- Assigned task -
Images should be omitted while the rest of the data is duplicated exactly.

Items listed in a dataset
☆ ☆ ☆ ☆

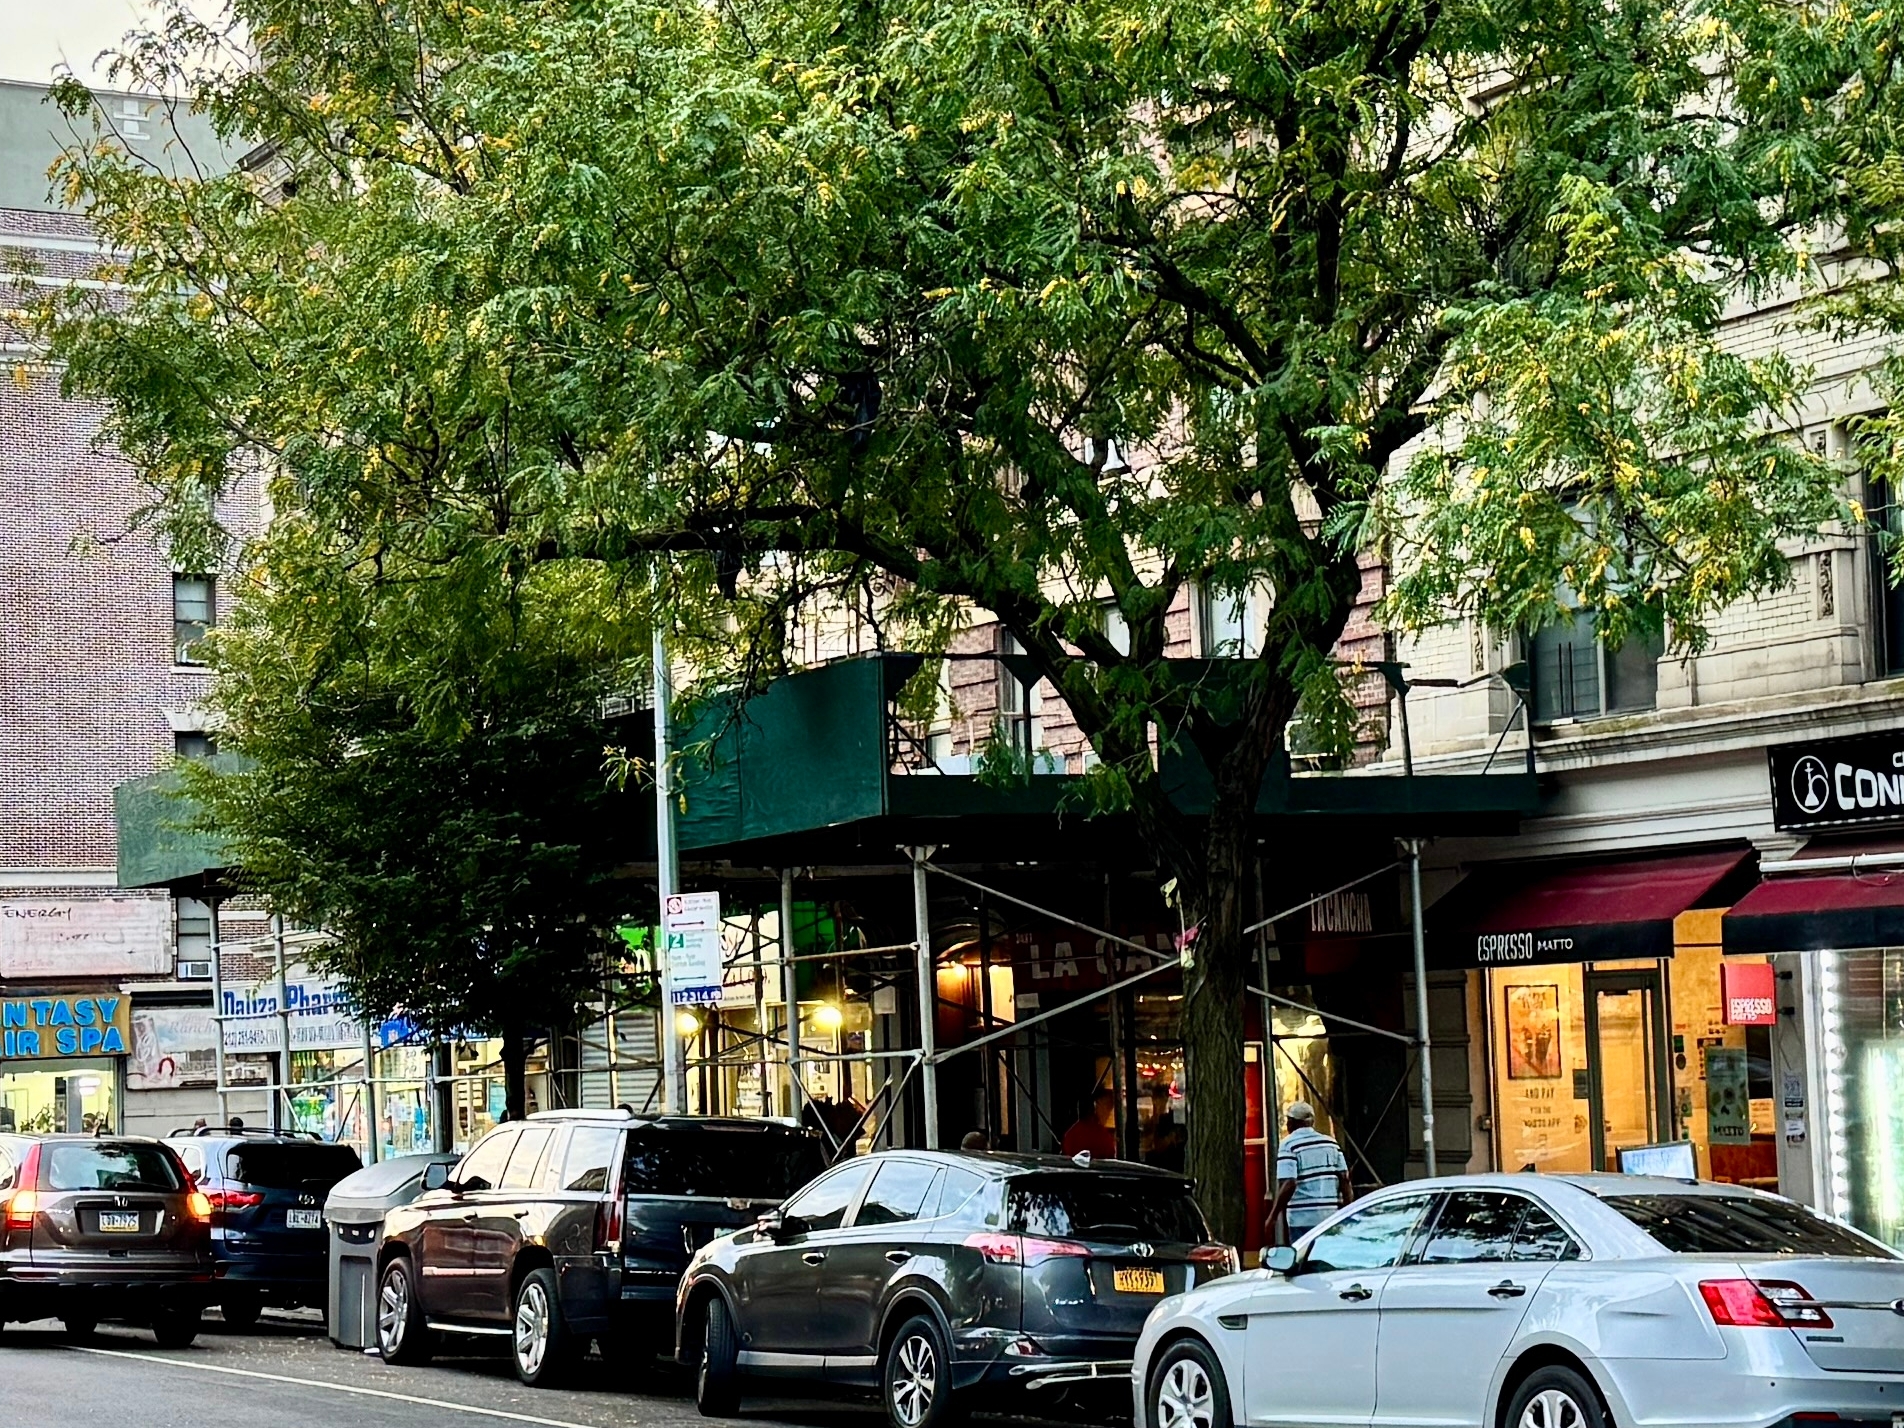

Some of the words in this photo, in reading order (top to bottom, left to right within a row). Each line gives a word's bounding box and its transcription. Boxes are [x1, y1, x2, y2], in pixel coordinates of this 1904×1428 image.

[1030, 941, 1079, 979] LA
[1477, 932, 1533, 962] ESPRESSO
[1537, 937, 1574, 952] MATTO
[55, 1025, 125, 1055] SPA

☆ ☆ ☆ ☆

- Written response -
Some of the words in this photo, in reading order (top to bottom, left to right within a row). Each line gives a word's bounding box and its transcription. Boxes are [x1, y1, x2, y2], in pixel coordinates of this 1904×1428 image.

[1030, 941, 1079, 979] LA
[1477, 932, 1533, 962] ESPRESSO
[1537, 937, 1574, 952] MATTO
[55, 1025, 125, 1055] SPA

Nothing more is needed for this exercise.